→ **EXERCISE MATERIALS**:
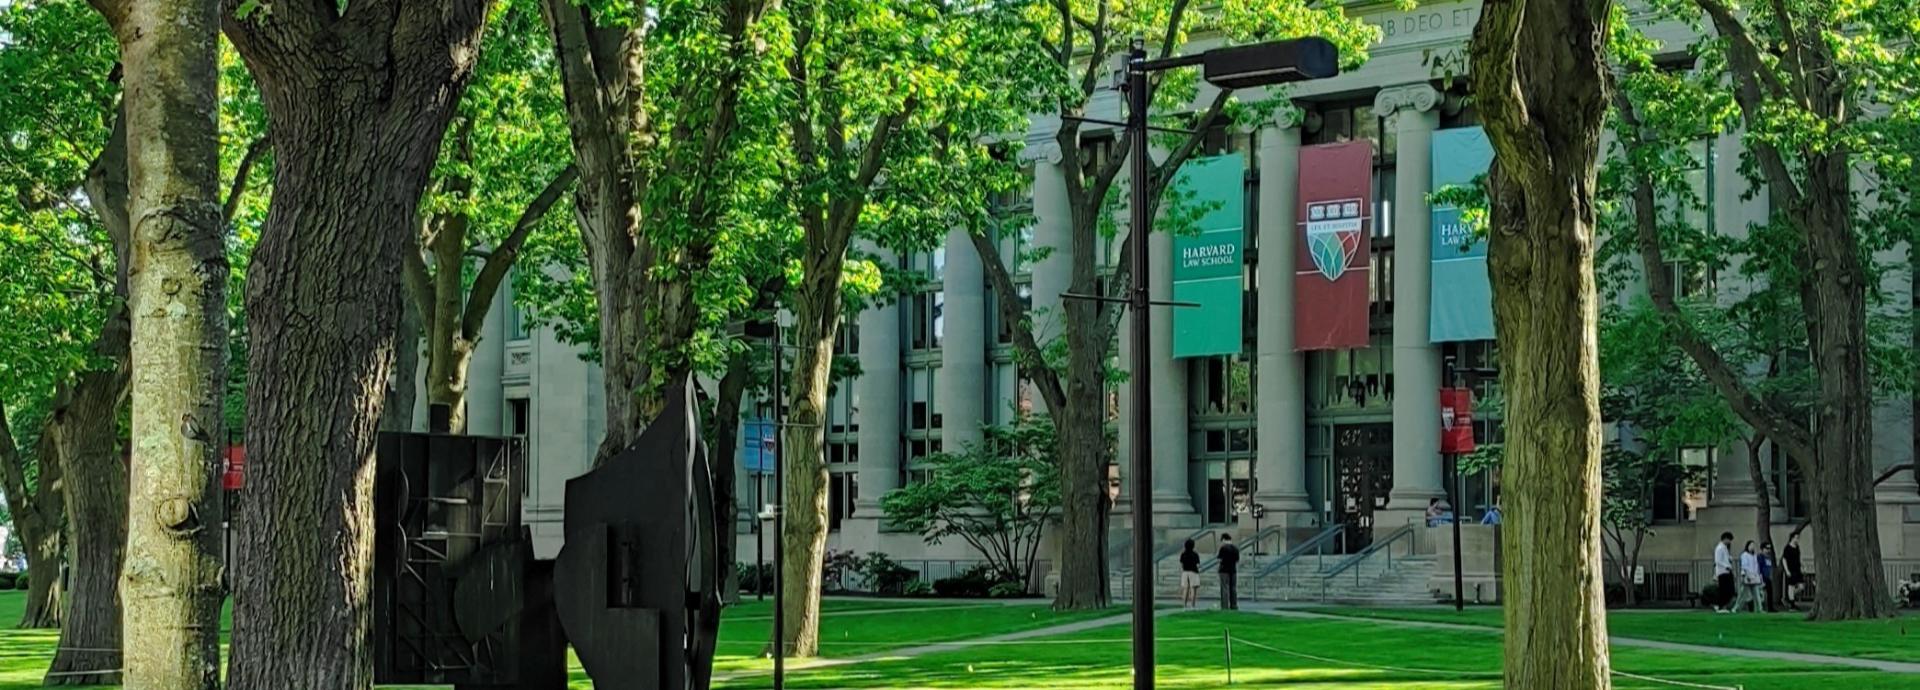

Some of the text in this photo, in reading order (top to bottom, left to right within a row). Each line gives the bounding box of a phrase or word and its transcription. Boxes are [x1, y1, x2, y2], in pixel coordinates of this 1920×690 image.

[1404, 12, 1443, 34] DEO
[1452, 7, 1473, 27] ET
[1441, 222, 1475, 236] HARV
[1441, 236, 1459, 246] LAW
[1183, 243, 1235, 259] HARVARD
[1183, 255, 1234, 268] LAW SCHOOL
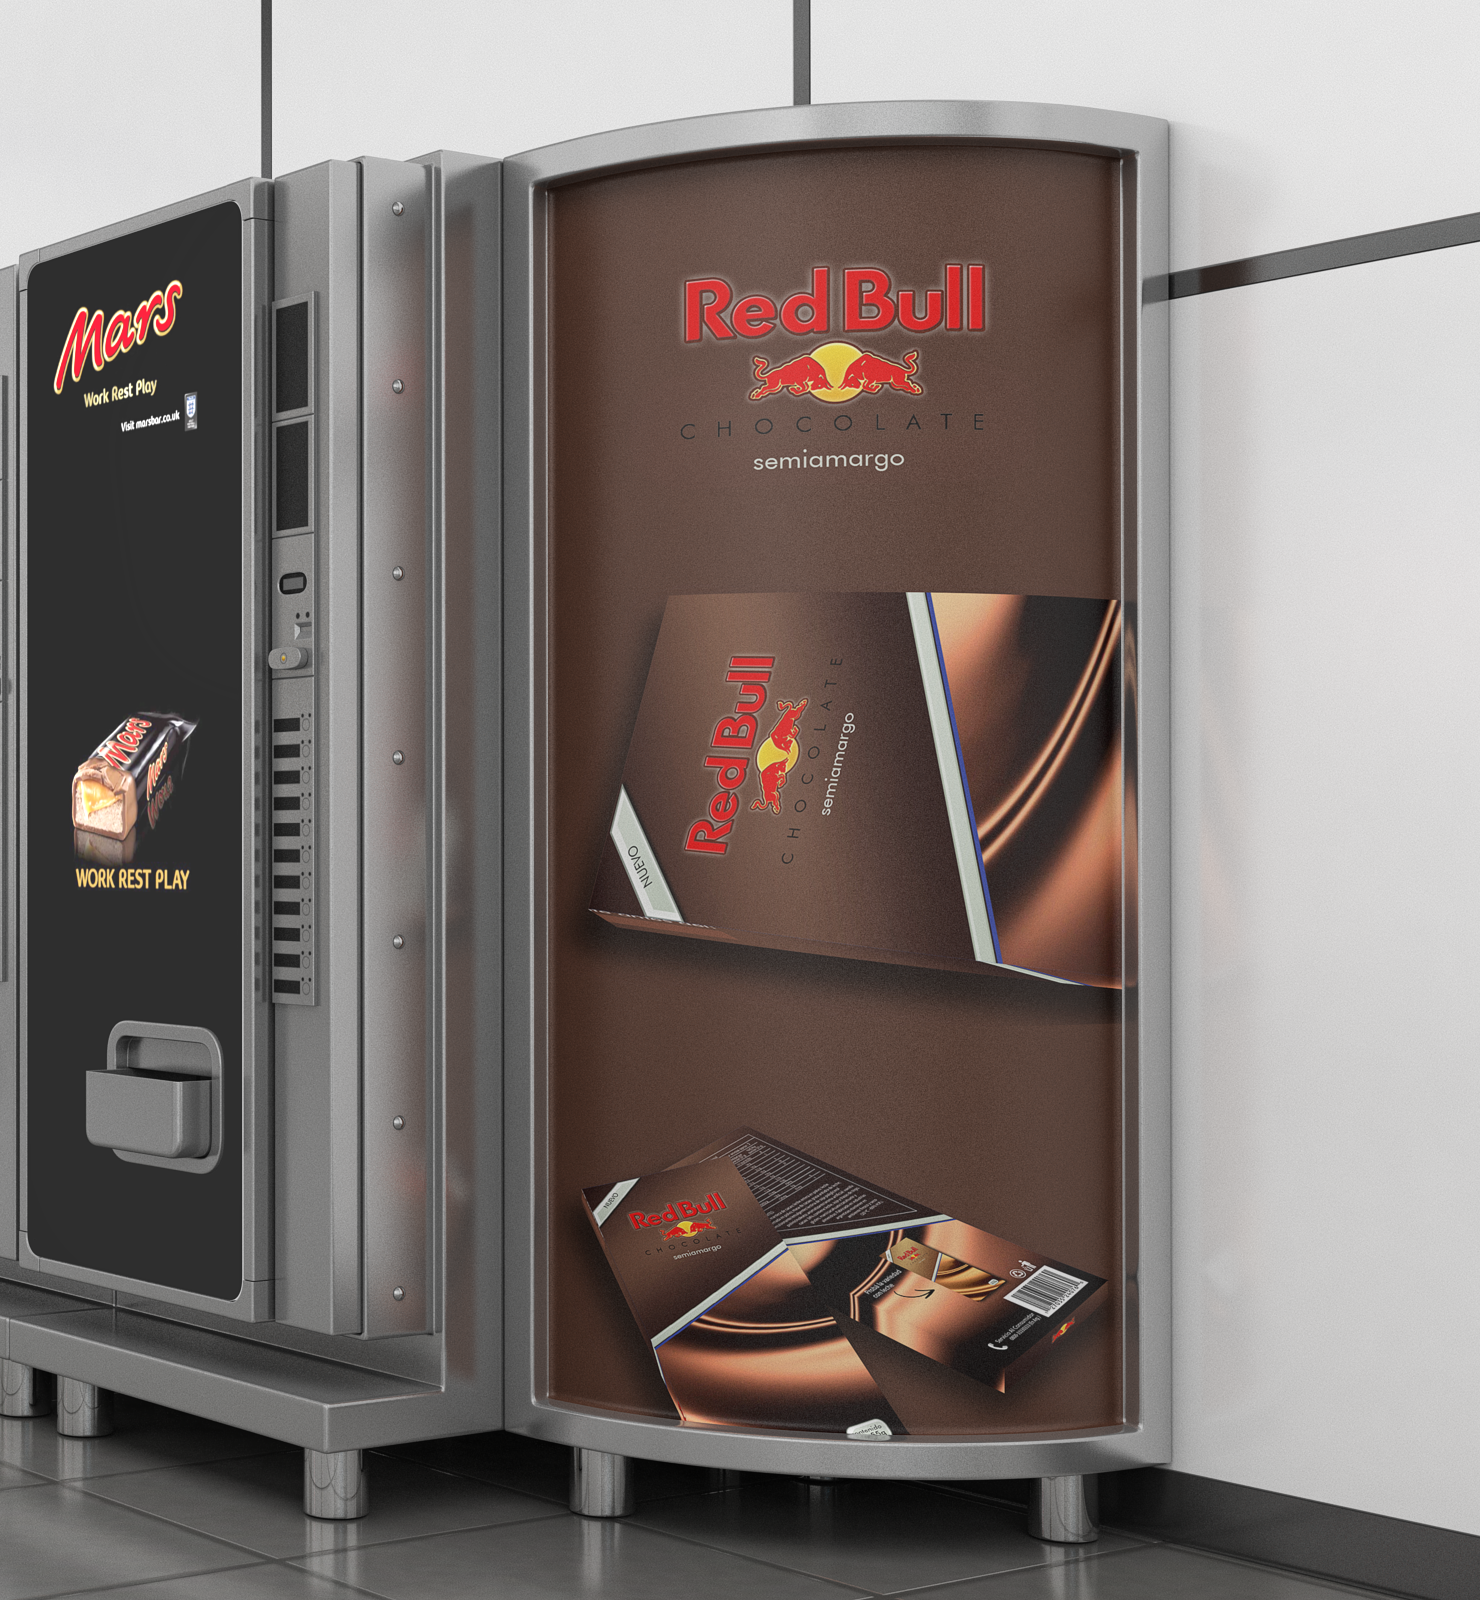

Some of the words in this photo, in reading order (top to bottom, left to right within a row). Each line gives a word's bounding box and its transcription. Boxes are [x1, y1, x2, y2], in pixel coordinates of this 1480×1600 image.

→ **WORK ITEM**:
Every line above is to be returned exactly, with its pictures removed.

→ **RESULT OF THE TASK**:
Some of the text in this photo, in reading order (top to bottom, left to right within a row). Each line gives the bounding box of a phrase or word and its transcription. Boxes are [x1, y1, x2, y2], in pixel coordinates of this 1920×690 image.

[1404, 12, 1443, 34] DEO
[1452, 7, 1473, 27] ET
[1441, 222, 1475, 236] HARV
[1441, 236, 1459, 246] LAW
[1183, 243, 1235, 259] HARVARD
[1183, 255, 1234, 268] LAW SCHOOL

Some of the words in this photo, in reading order (top to bottom, left to right within a row). Each line gives a word's bounding box and its transcription. Boxes are [x1, y1, x2, y2], in pixel coordinates of this 1480×1600 image.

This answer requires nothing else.